Mali: la colère désabusée des opposants face au maintien des militaires au pouvoir

Au Mali, un projet de loi adopté, mercredi 11 juin, en Conseil des ministres prévoit d’accorder au général Assimi Goïta « un mandat de cinq ans renouvelable à partir de 2025 ». C’est la situation sécuritaire au Mali et au Sahel qui est invoquée. Ce maintien au pouvoir du président et de l’ensemble des institutions de la transition, sans élections et sans limite de temps, avait été proposé fin avril à l’issue des « concertations des forces vives de la nation », orchestrées par les autorités de transition. Après l’officialisation du projet de loi, les responsables des partis politiques maliens – officiellement dissous le mois dernier – expriment une colère aussi vive que désabusée.
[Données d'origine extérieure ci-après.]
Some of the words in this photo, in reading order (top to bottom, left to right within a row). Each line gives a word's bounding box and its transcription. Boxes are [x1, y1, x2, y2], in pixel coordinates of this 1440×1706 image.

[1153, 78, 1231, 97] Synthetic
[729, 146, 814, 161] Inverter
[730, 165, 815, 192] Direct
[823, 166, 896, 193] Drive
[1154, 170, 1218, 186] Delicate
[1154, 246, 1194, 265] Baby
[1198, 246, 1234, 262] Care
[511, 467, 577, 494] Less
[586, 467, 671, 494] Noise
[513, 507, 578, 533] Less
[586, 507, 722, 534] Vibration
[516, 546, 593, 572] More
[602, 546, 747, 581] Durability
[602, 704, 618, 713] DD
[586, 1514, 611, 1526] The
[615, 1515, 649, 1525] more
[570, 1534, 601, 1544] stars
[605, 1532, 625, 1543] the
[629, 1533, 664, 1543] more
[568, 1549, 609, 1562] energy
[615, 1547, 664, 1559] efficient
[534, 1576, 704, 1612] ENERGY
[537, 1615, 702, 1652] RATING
« Nous hésitons entre indignation et indifférence, confie un ancien ministre, tant cela était prévisible et tant nous n’attendons plus rien des autorités. » Alors que les militaires au pouvoir au Mali avaient promis de sécuriser et de réformer le pays avant d’organiser rapidement des élections, un dirigeant de parti – dissous – note qu’ils se révèlent être « un autre genre de politicien ». Rappelant « tous les calendriers électoraux souverainement fixés et souverainement violés », cette source interroge : « Quel politicien civil a autant trahi ? »

Anticonstitutionnel

Plusieurs opposants notent le caractère anticonstitutionnel du projet de loi et d’un tel maintien au pouvoir sans élections, mais ne se font plus d’illusions. « La réelle intention des militaires est de rester au pouvoir, constate, désabusé, un ancien ministre, le reste n’est que de l’habillage. »
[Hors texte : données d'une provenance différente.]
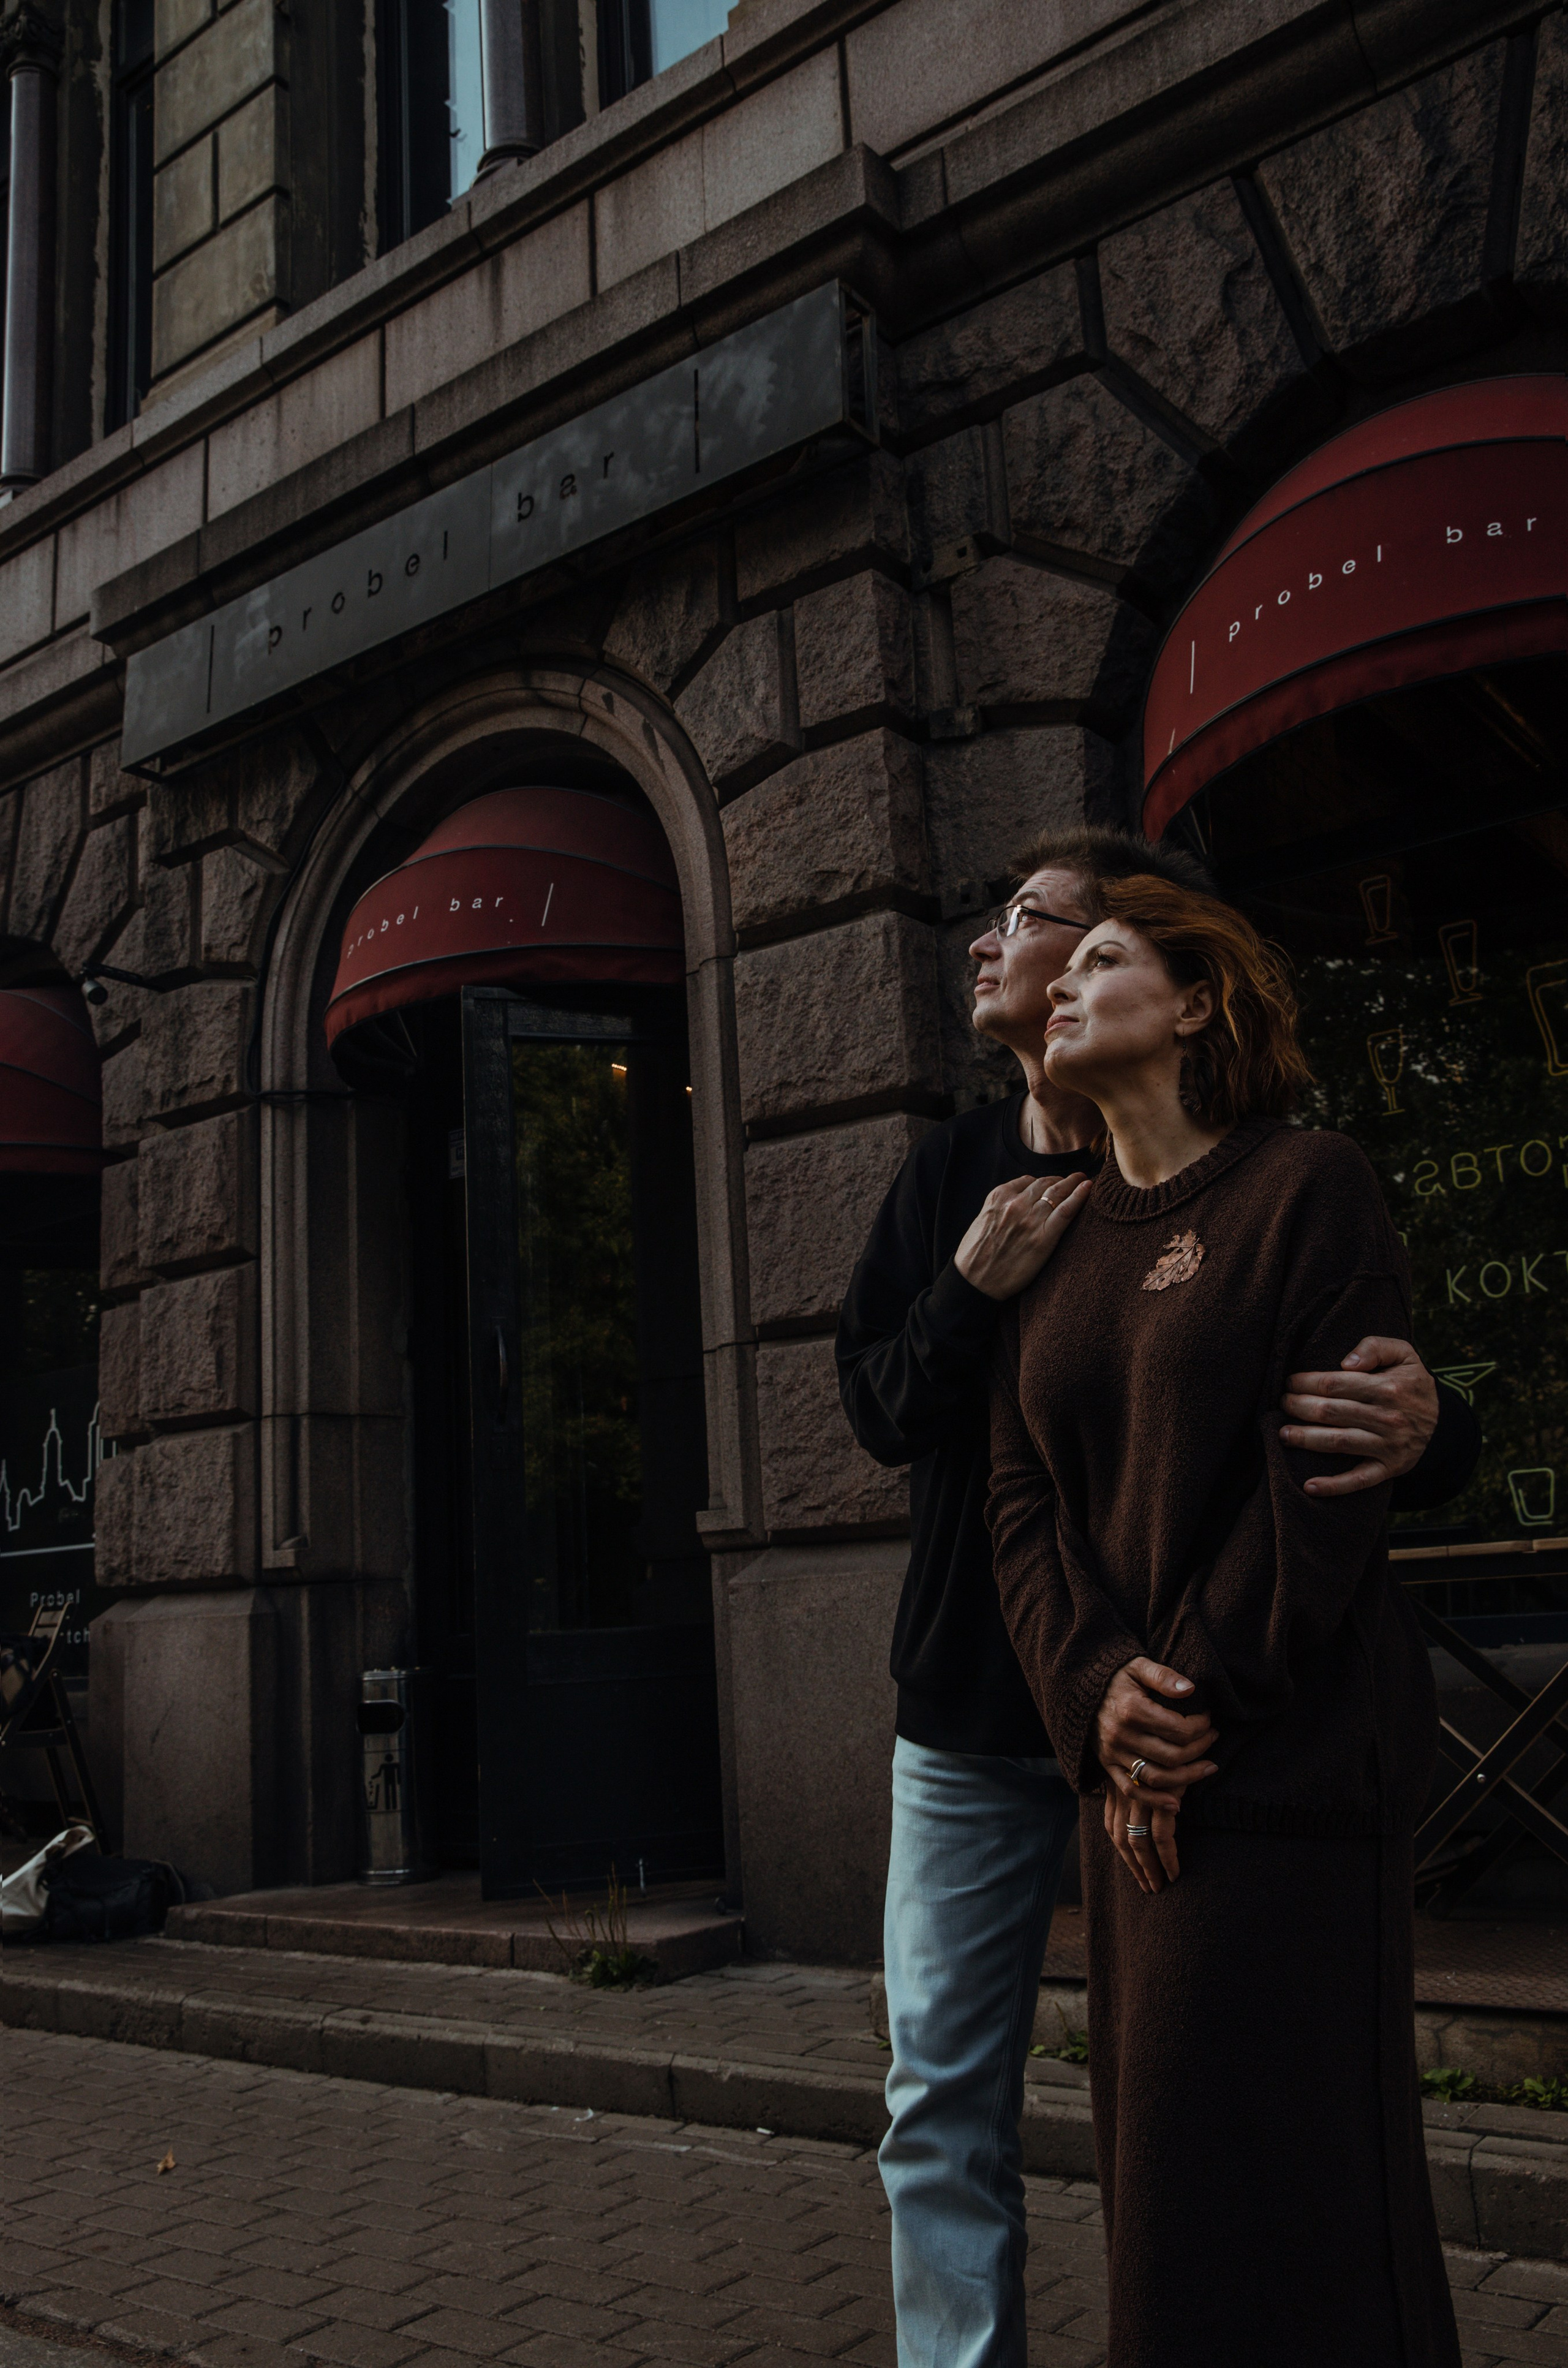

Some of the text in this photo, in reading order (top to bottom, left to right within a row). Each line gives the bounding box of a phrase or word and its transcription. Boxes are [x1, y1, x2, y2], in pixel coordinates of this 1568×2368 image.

[268, 450, 615, 654] probel bar
[1228, 516, 1537, 642] probel bar
[347, 895, 504, 959] probel bar
[29, 1589, 80, 1608] Probel
« Au moment où nos soldats sont massacrés, ils ne pensent qu’aux délices que le pouvoir usurpé leur procure », fustige un autre ancien ministre, qui dénonce « un nouveau coup d’État, cette fois-ci constitutionnel ». « Le Mali vaut mieux qu’un mandat volé, poursuit ce pilier du mouvement pro-démocratie, mais le peuple, tôt ou tard, leur retirera ce qu’ils ont cru pouvoir garder par la force. »

 

« Nous abordons l’une des phases les plus sombres de notre pays », pose enfin un cadre de l’opposition, qui appelle à résister     « par tous les moyens possibles ».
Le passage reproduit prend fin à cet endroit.